-- EXERCISE DATA follows --

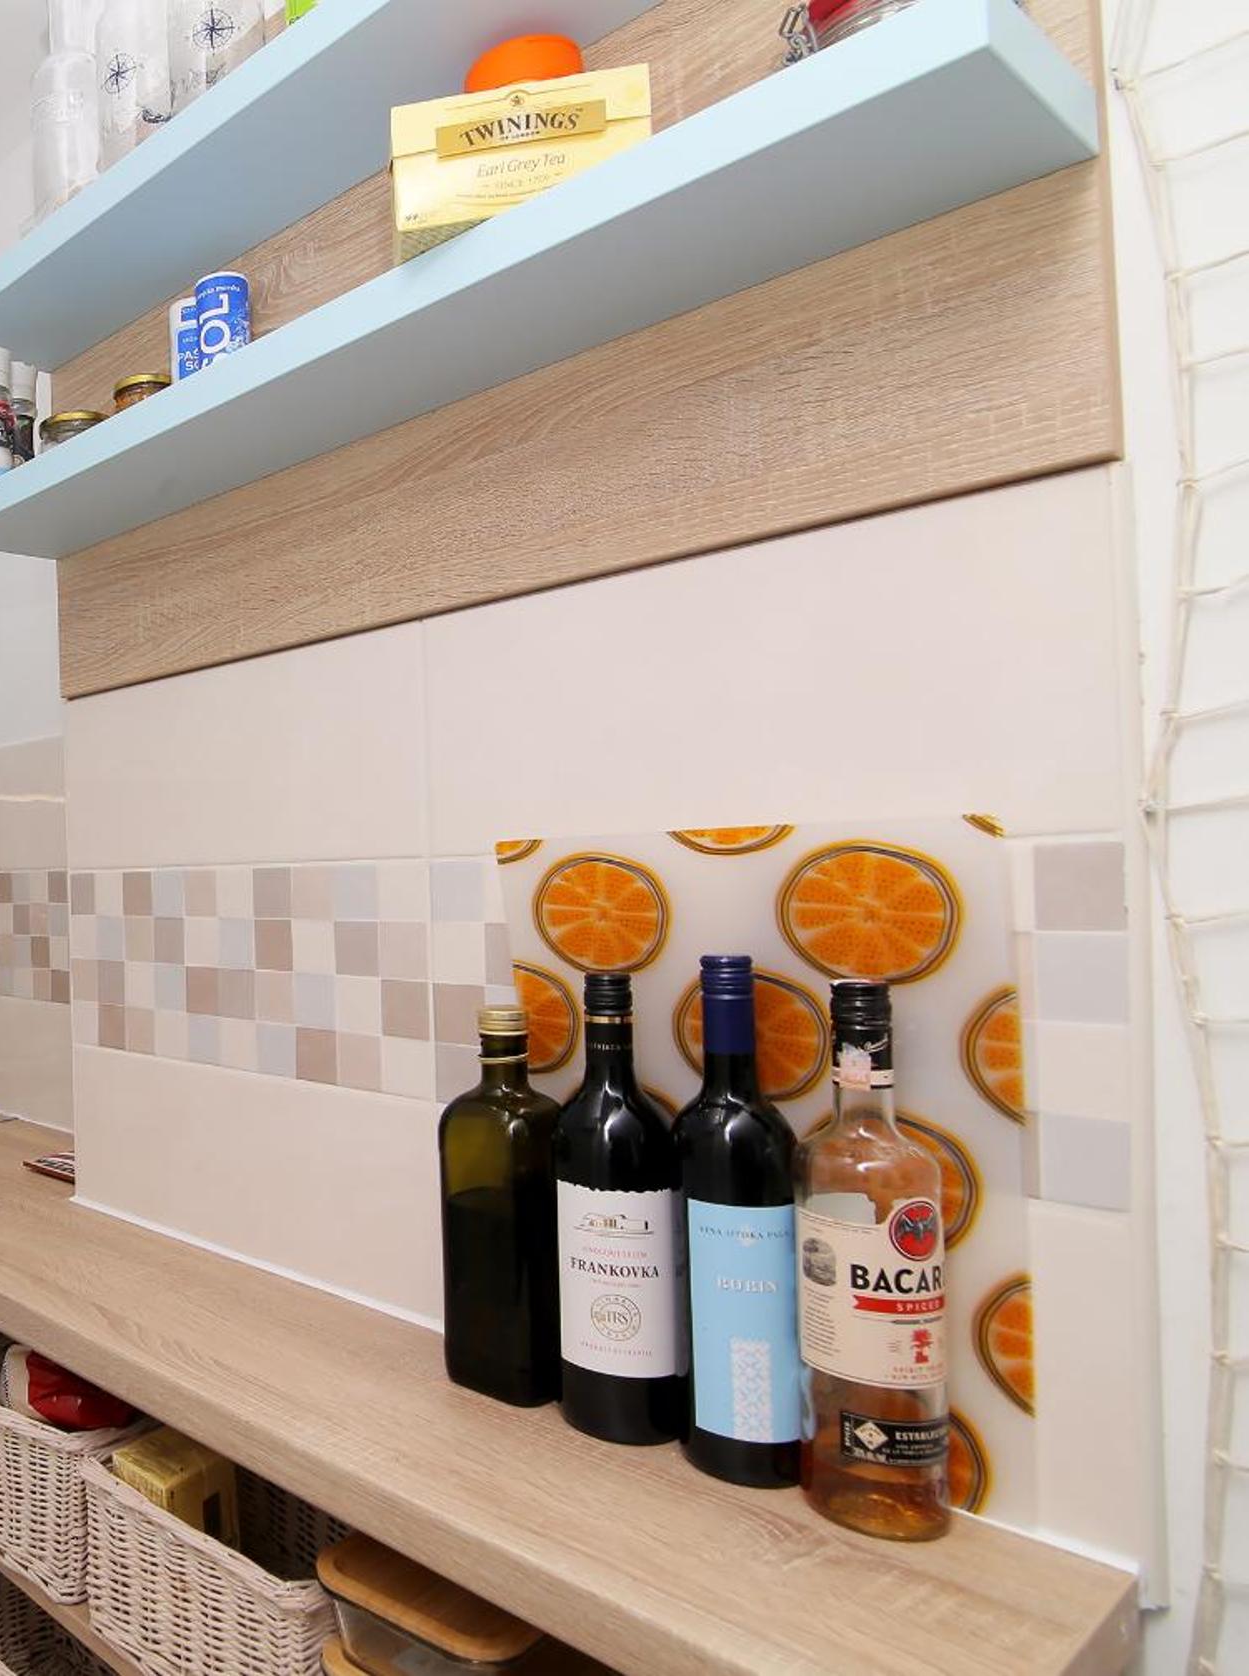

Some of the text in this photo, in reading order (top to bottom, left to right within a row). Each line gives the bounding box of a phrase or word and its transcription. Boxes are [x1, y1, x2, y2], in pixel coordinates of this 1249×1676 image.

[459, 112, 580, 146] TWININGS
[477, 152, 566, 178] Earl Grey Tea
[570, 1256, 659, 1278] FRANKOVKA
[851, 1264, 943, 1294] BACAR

-- EXERCISE DATA concluded --
-- EXERCISE DATA follows --

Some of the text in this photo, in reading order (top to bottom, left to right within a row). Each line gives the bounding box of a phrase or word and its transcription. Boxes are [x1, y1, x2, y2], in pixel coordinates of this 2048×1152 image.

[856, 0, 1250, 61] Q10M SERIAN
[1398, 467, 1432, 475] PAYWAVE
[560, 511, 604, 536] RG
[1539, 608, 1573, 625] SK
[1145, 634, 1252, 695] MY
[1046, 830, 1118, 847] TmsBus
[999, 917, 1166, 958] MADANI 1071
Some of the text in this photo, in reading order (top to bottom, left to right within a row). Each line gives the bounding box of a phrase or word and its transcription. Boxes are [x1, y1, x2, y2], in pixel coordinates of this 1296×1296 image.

-- EXERCISE DATA concluded --
-- EXERCISE DATA follows --

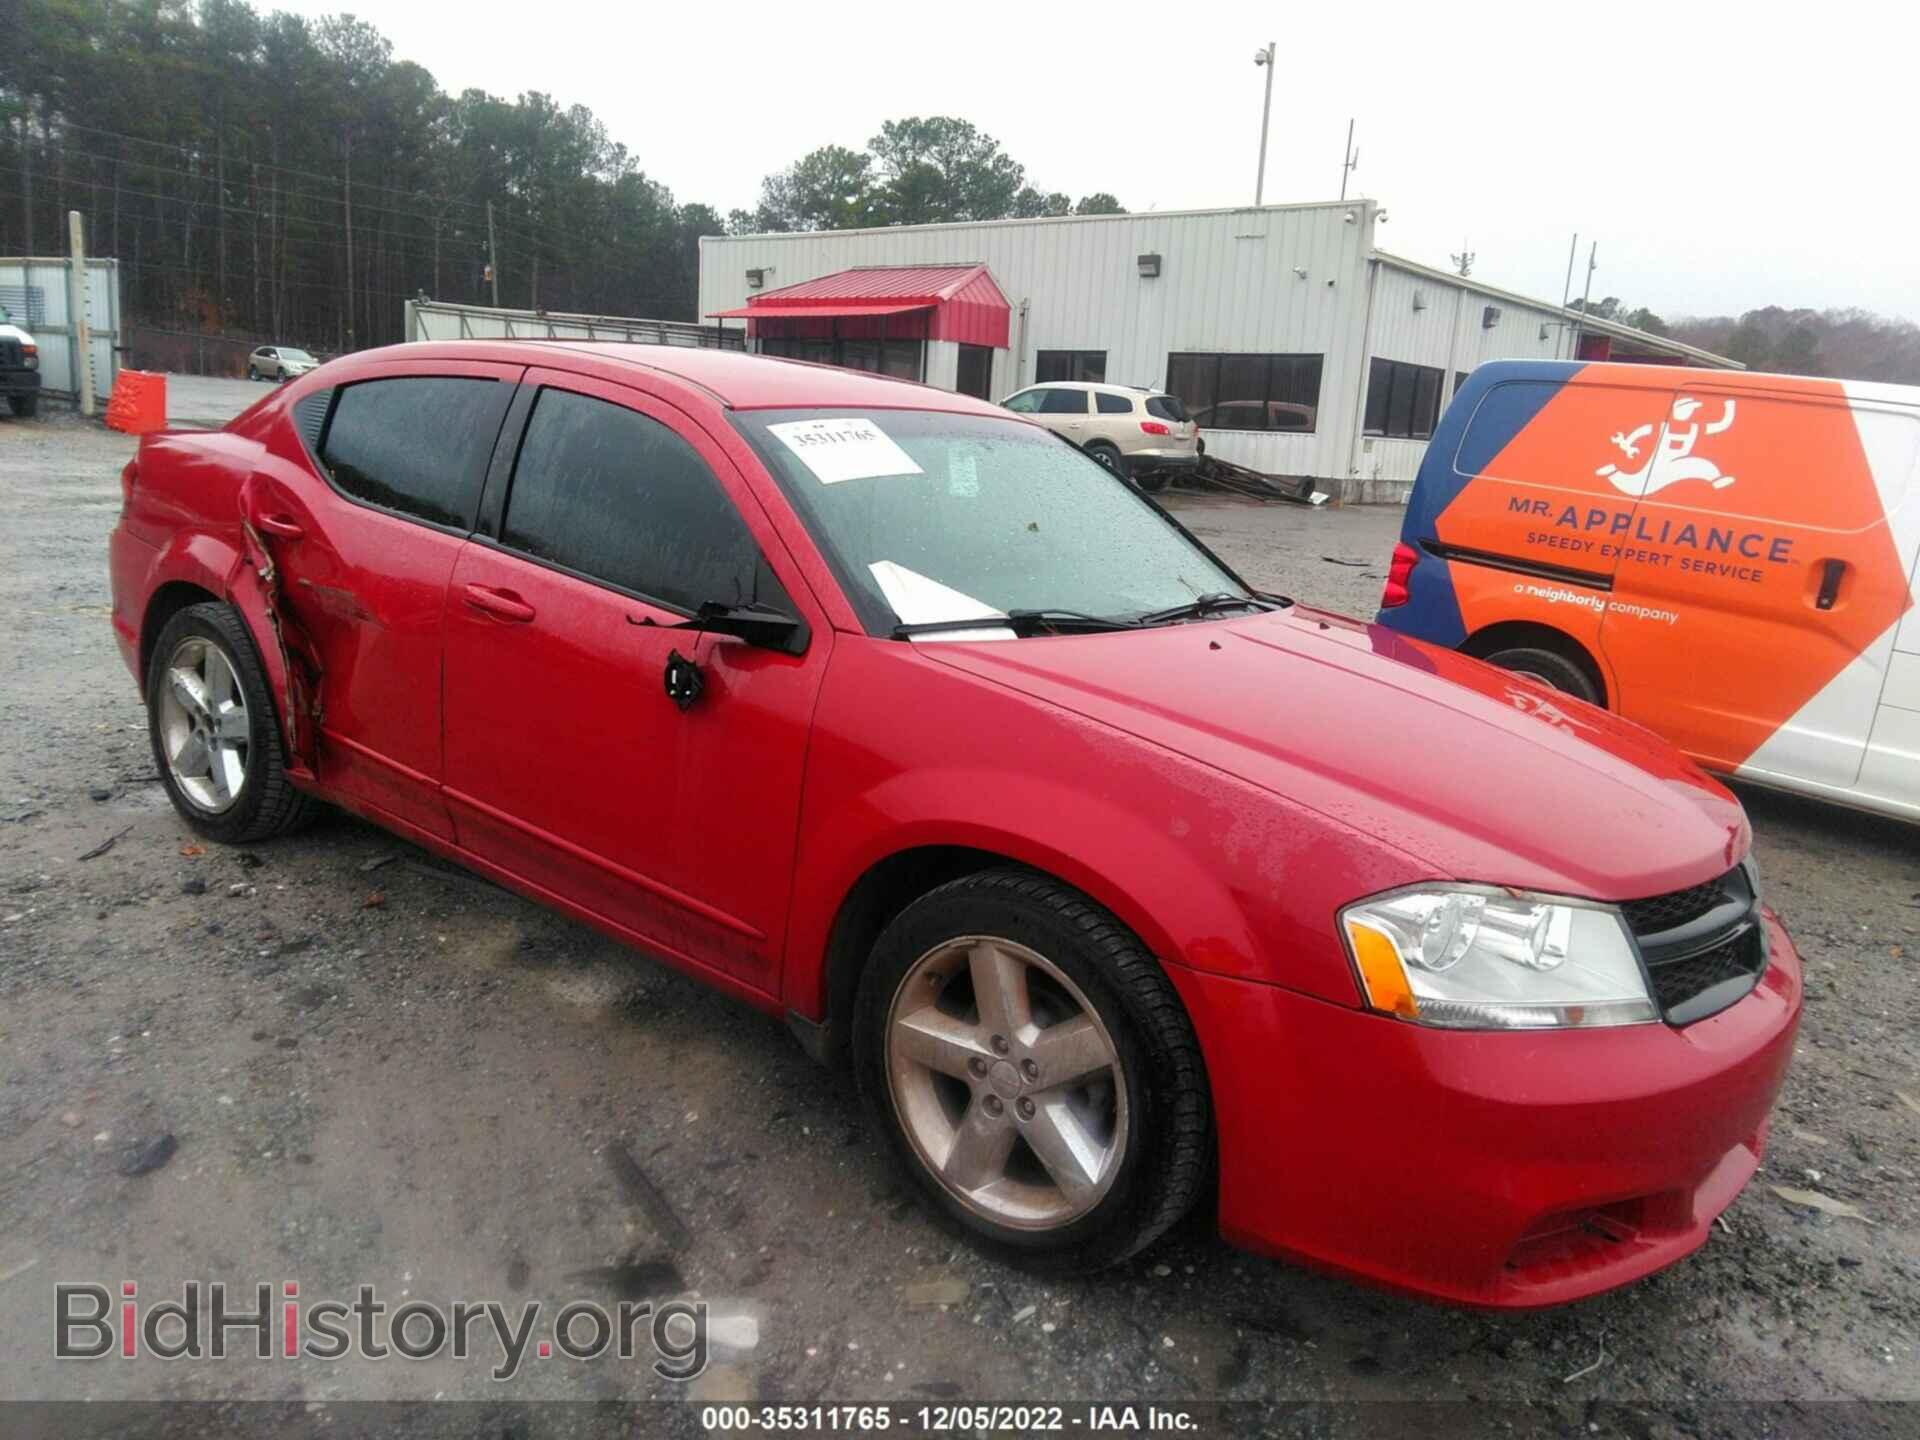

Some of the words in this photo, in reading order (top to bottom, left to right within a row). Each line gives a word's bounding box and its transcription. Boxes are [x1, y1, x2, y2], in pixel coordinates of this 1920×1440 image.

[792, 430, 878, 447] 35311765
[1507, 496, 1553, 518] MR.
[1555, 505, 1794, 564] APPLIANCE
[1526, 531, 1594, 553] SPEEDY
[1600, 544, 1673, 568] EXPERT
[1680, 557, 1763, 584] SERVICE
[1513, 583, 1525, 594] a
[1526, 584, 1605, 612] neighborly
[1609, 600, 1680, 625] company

-- EXERCISE DATA concluded --

Restate word for word the lines in the material above from the one with "this 2048×1152 image." to the one with "this 1296×1296 image."; both of those lines count, and nothing else does.

• [RESULT OF THIS EXERCISE]:
Some of the text in this photo, in reading order (top to bottom, left to right within a row). Each line gives the bounding box of a phrase or word and its transcription. Boxes are [x1, y1, x2, y2], in pixel coordinates of this 2048×1152 image.

[856, 0, 1250, 61] Q10M SERIAN
[1398, 467, 1432, 475] PAYWAVE
[560, 511, 604, 536] RG
[1539, 608, 1573, 625] SK
[1145, 634, 1252, 695] MY
[1046, 830, 1118, 847] TmsBus
[999, 917, 1166, 958] MADANI 1071
Some of the text in this photo, in reading order (top to bottom, left to right within a row). Each line gives the bounding box of a phrase or word and its transcription. Boxes are [x1, y1, x2, y2], in pixel coordinates of this 1296×1296 image.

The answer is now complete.